Era una cueva situada en la cima de una colina.
Este solía ser el refugio de una bestia mágica a la que Edward venció fácilmente, y la utilizó como carne fresca para la cena de esa noche.
Habían pasado algunos días desde entonces y en este día, Lisa salió de la cueva y fue a buscar a Edward.
Aunque su rostro todavía lucía un poco pálido, se había recuperado en su mayor parte.
Caminó hacia el área detrás de la cueva, hacia un bosquecillo donde Edward pasaba la mayor parte de su tiempo.
Viviendo juntos durante los últimos días, las cosas entre Lisa y Edward habían tomado un rumbo extraño.
Lisa no pudo evitar desarrollar algunos sentimientos hacia el joven.
Aunque la relación entre ellos era estrictamente platónica.

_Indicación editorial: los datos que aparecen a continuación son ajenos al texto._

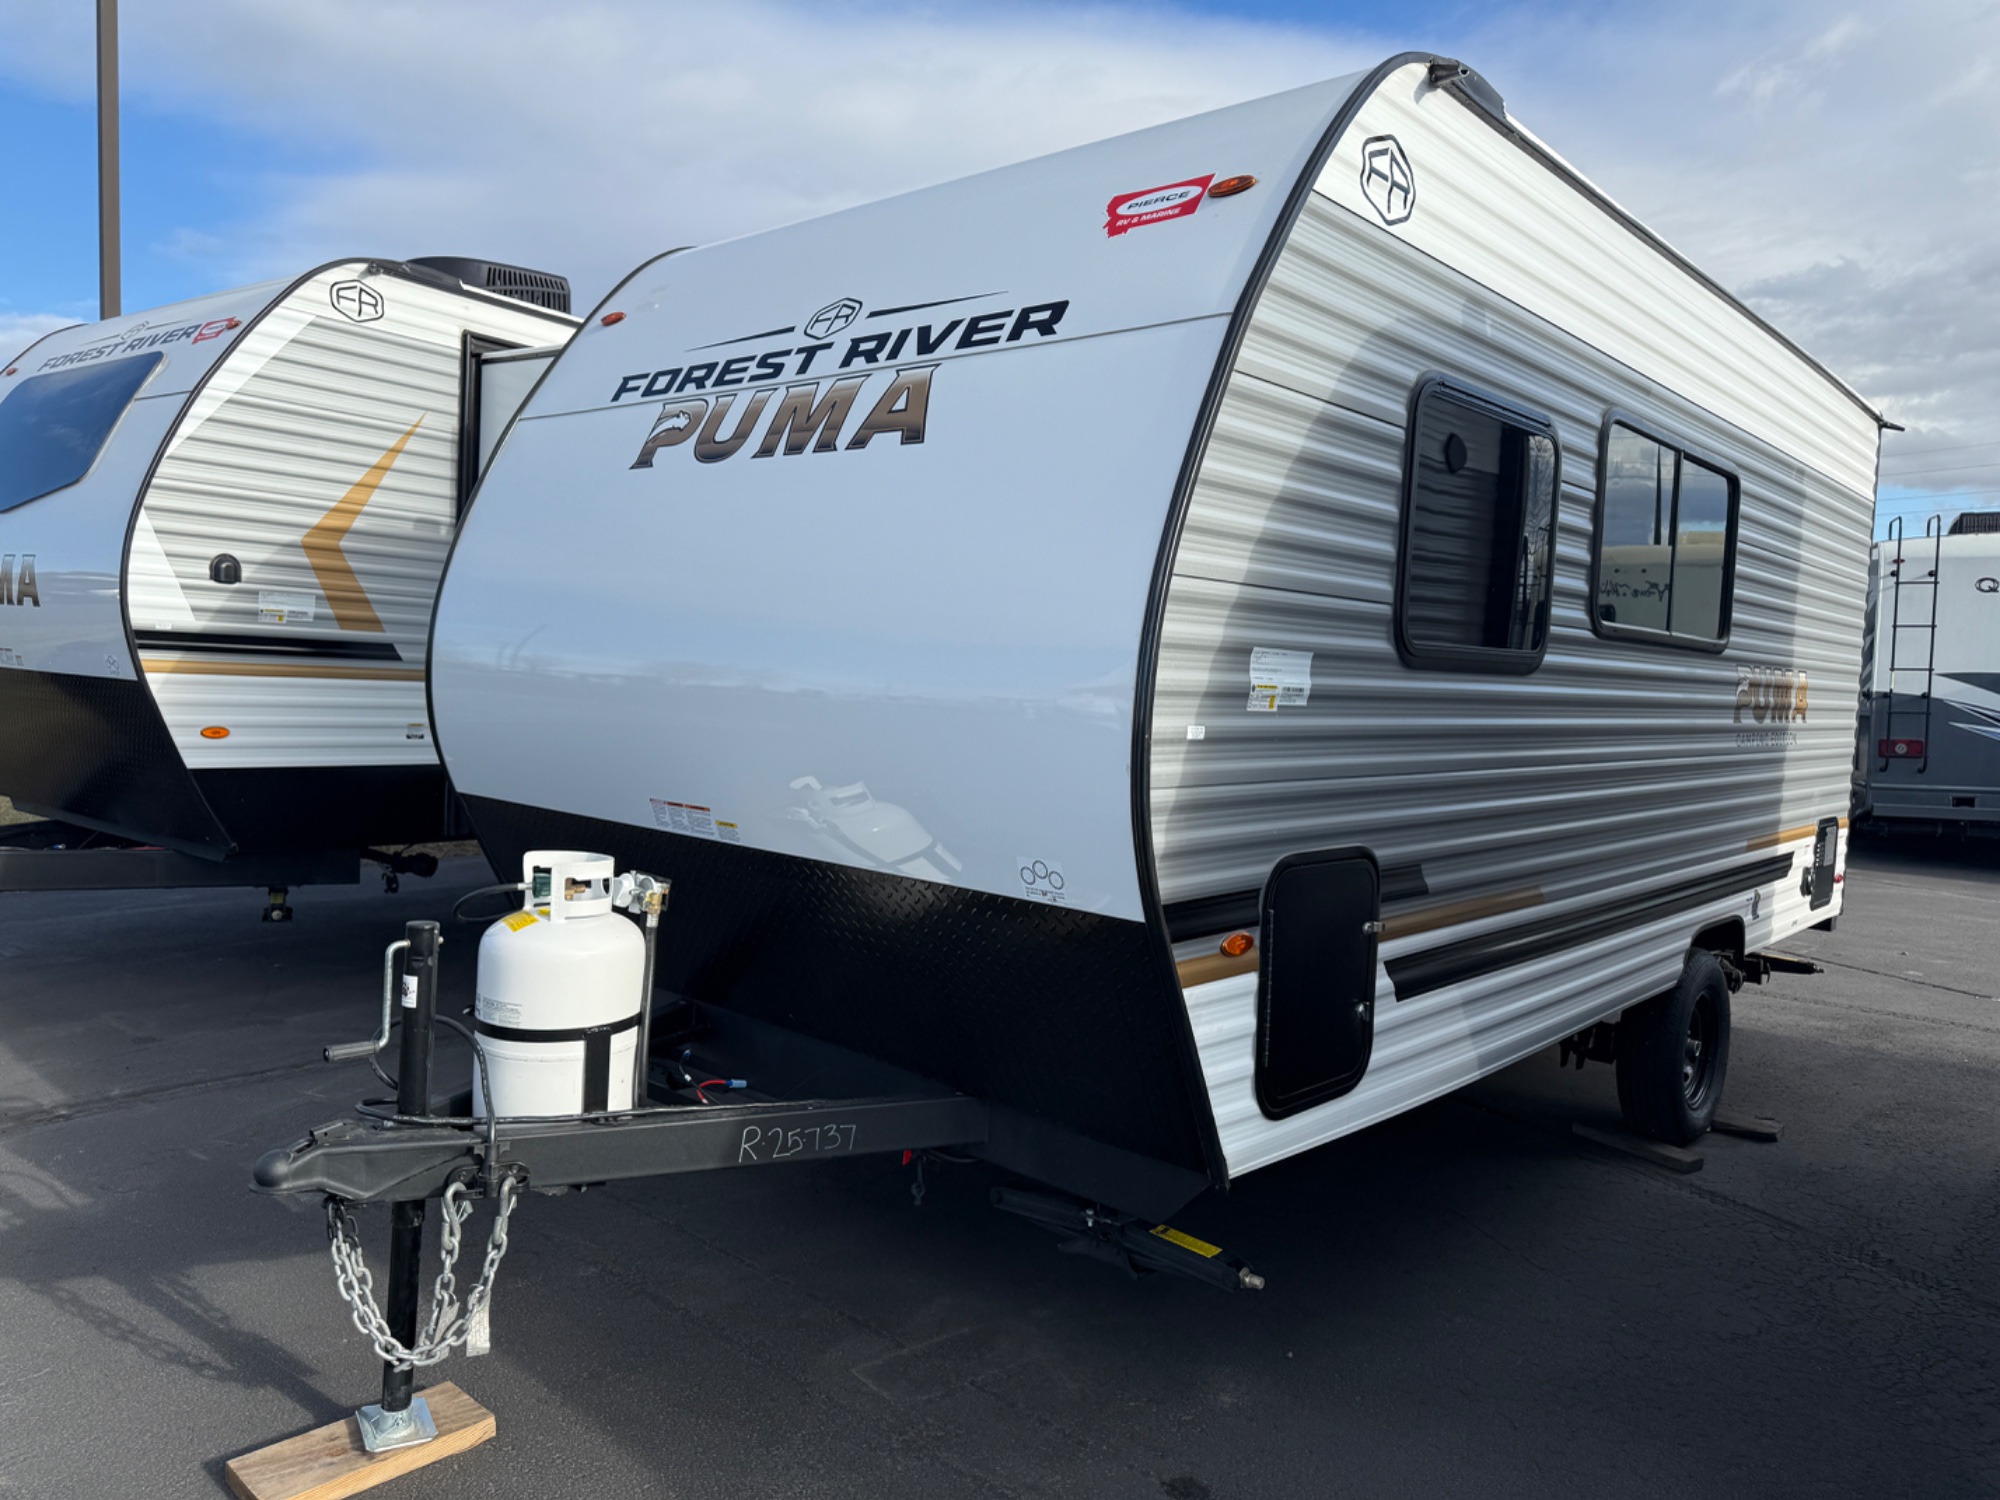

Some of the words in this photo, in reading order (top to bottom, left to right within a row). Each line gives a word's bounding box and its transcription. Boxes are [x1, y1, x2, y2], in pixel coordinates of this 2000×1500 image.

Ella siempre supo que Edward estaba enamorado de ella, sin embargo, nunca correspondió este sentimiento.
Después de todo, tenía muchas cosas en su plato.
Pero ahora comenzaba lentamente a hacerlo.
Al entrar en el bosquecillo, vio a Edward de pie en un claro dentro de este pequeño bosque, practicando con sombras.
Su torso estaba desnudo y cubierto por una capa de sudor que hacía que sus músculos parecieran aún más pronunciados.
Al ver esto, el rostro de Lisa se enrojeció y apartó la mirada.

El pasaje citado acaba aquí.